• _EXERCISE REQUIREMENTS_
Only the pictures should be left out; repeat the rest of the data exactly.
= Beginning of Section =
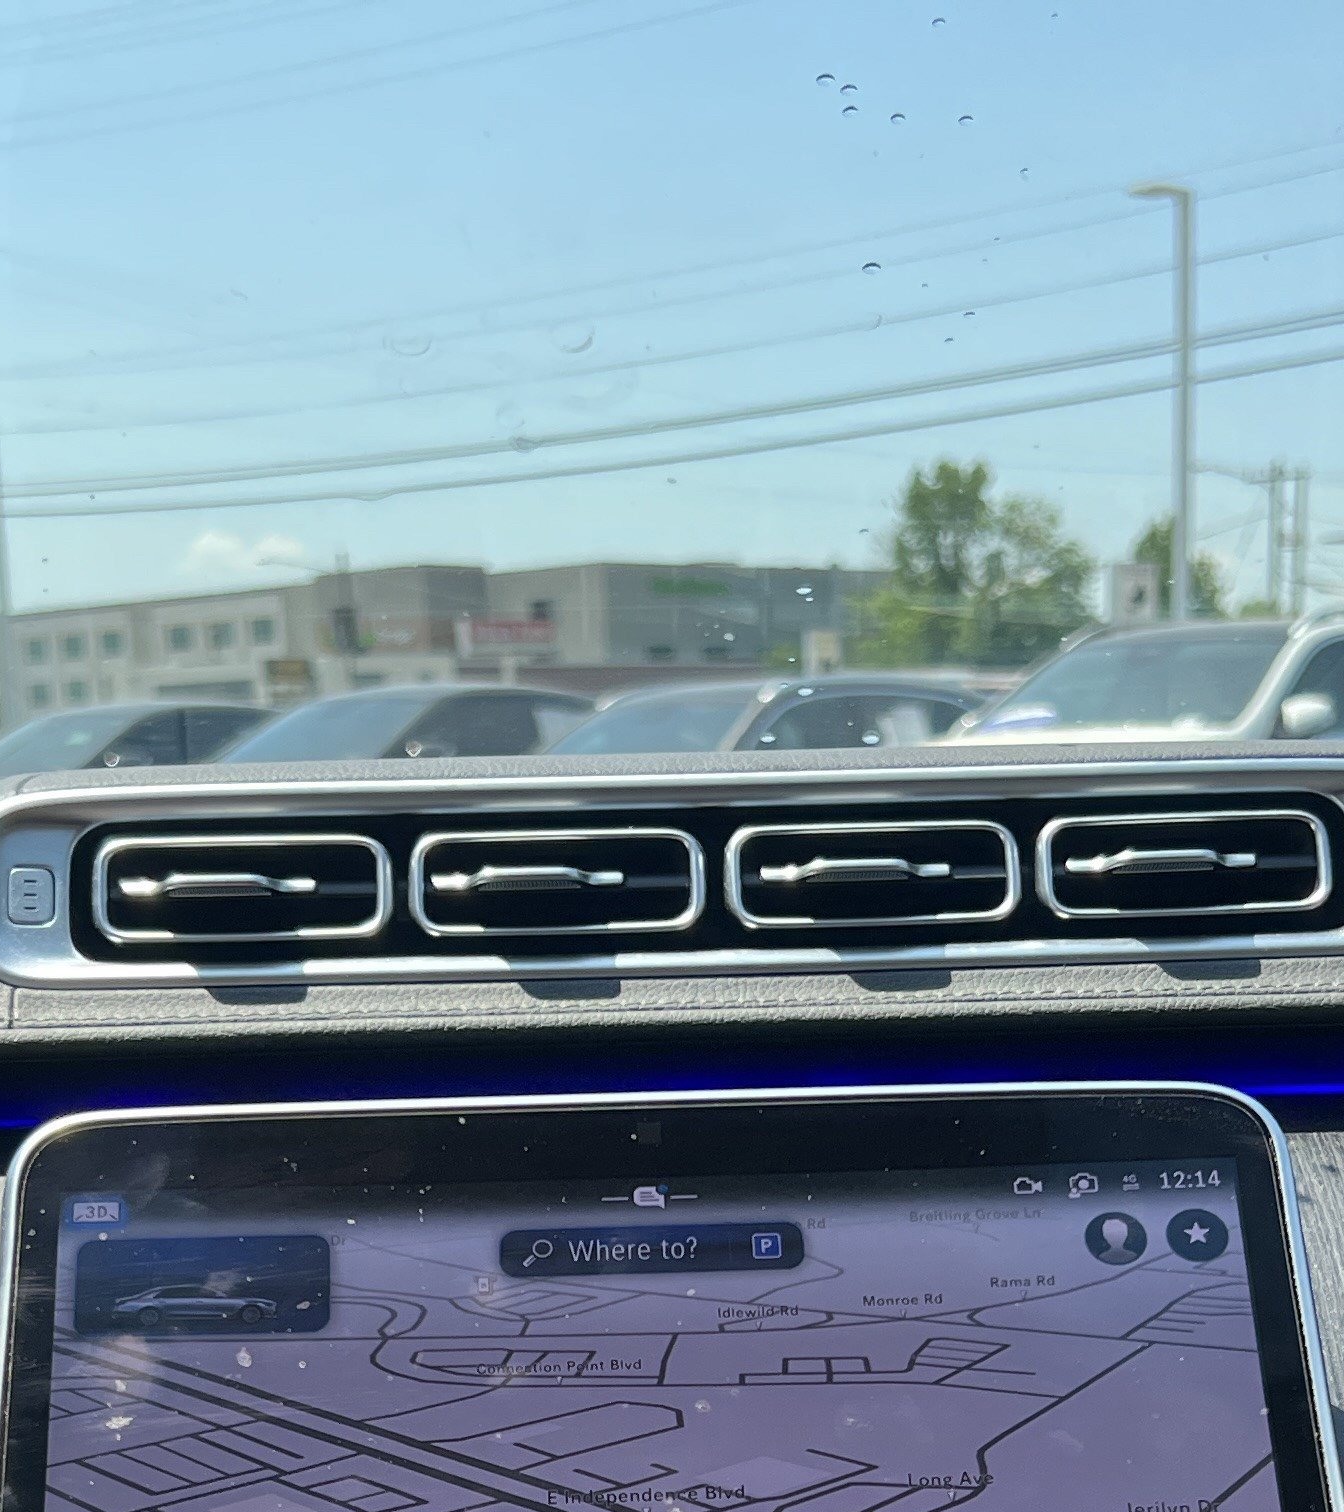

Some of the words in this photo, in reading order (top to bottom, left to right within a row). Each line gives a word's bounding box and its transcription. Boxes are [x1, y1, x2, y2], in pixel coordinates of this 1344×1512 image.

[1159, 1168, 1221, 1190] 12:14
[84, 1205, 108, 1221] 3D
[568, 1239, 651, 1262] Where
[661, 1236, 698, 1260] to?
[989, 1276, 1031, 1288] Rama
[1036, 1274, 1056, 1287] Rd
[862, 1295, 919, 1307] Monroe
[924, 1293, 944, 1305] Rd
[717, 1305, 775, 1318] Idlewild
[780, 1304, 799, 1317] Rd
[566, 1360, 605, 1373] Point
[610, 1358, 643, 1371] Blvd
[907, 1473, 952, 1488] Long
[960, 1472, 995, 1486] Ave
[547, 1489, 558, 1505] E
[564, 1487, 698, 1507] Independence
[705, 1485, 746, 1500] Blvd
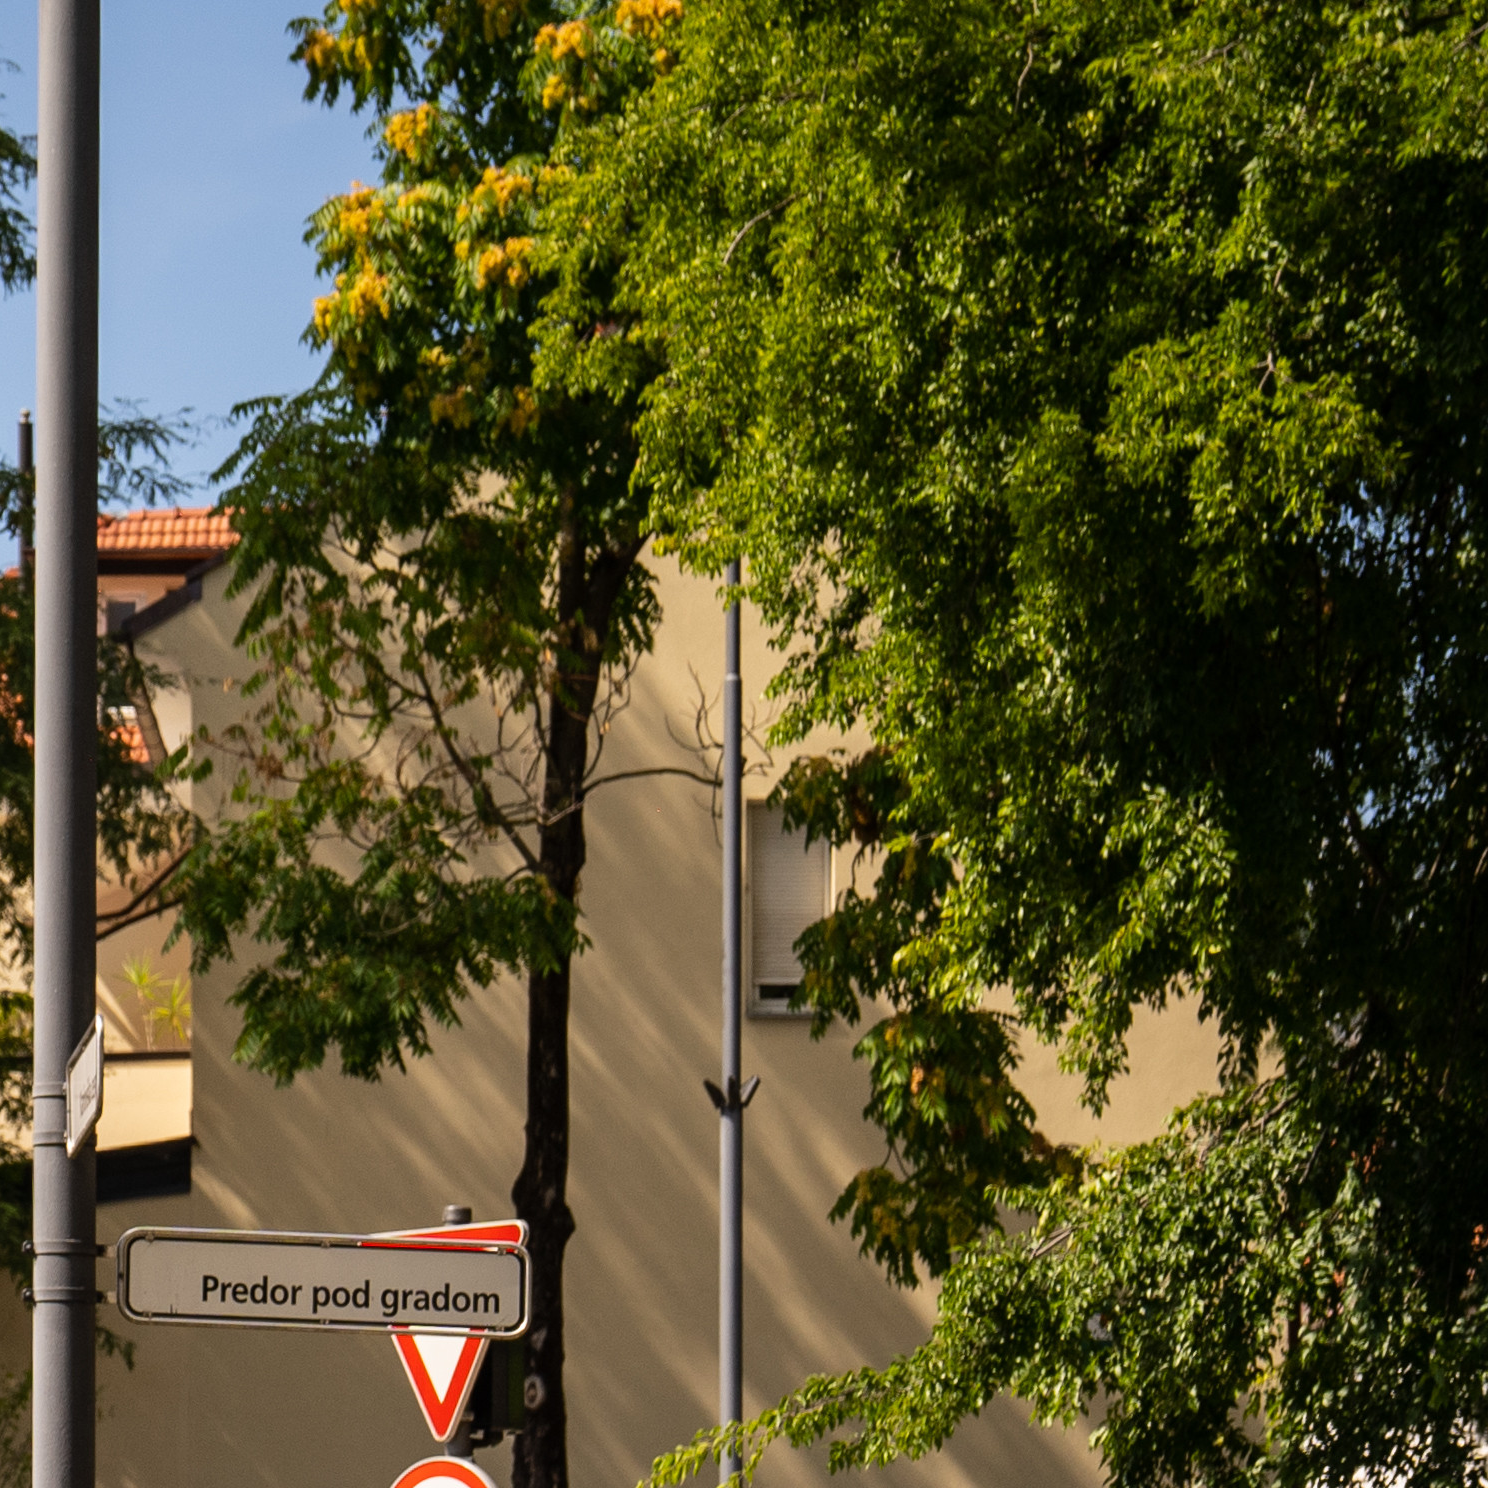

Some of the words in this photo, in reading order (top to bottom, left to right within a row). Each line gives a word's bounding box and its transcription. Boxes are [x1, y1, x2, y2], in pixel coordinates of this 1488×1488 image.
= End of Section =
• _RESPONSE BELOW_
Some of the words in this photo, in reading order (top to bottom, left to right within a row). Each line gives a word's bounding box and its transcription. Boxes are [x1, y1, x2, y2], in pixel coordinates of this 1344×1512 image.

[1159, 1168, 1221, 1190] 12:14
[84, 1205, 108, 1221] 3D
[568, 1239, 651, 1262] Where
[661, 1236, 698, 1260] to?
[989, 1276, 1031, 1288] Rama
[1036, 1274, 1056, 1287] Rd
[862, 1295, 919, 1307] Monroe
[924, 1293, 944, 1305] Rd
[717, 1305, 775, 1318] Idlewild
[780, 1304, 799, 1317] Rd
[566, 1360, 605, 1373] Point
[610, 1358, 643, 1371] Blvd
[907, 1473, 952, 1488] Long
[960, 1472, 995, 1486] Ave
[547, 1489, 558, 1505] E
[564, 1487, 698, 1507] Independence
[705, 1485, 746, 1500] Blvd

Some of the words in this photo, in reading order (top to bottom, left to right within a row). Each line gives a word's bounding box and its transcription. Boxes are [x1, y1, x2, y2], in pixel coordinates of this 1488×1488 image.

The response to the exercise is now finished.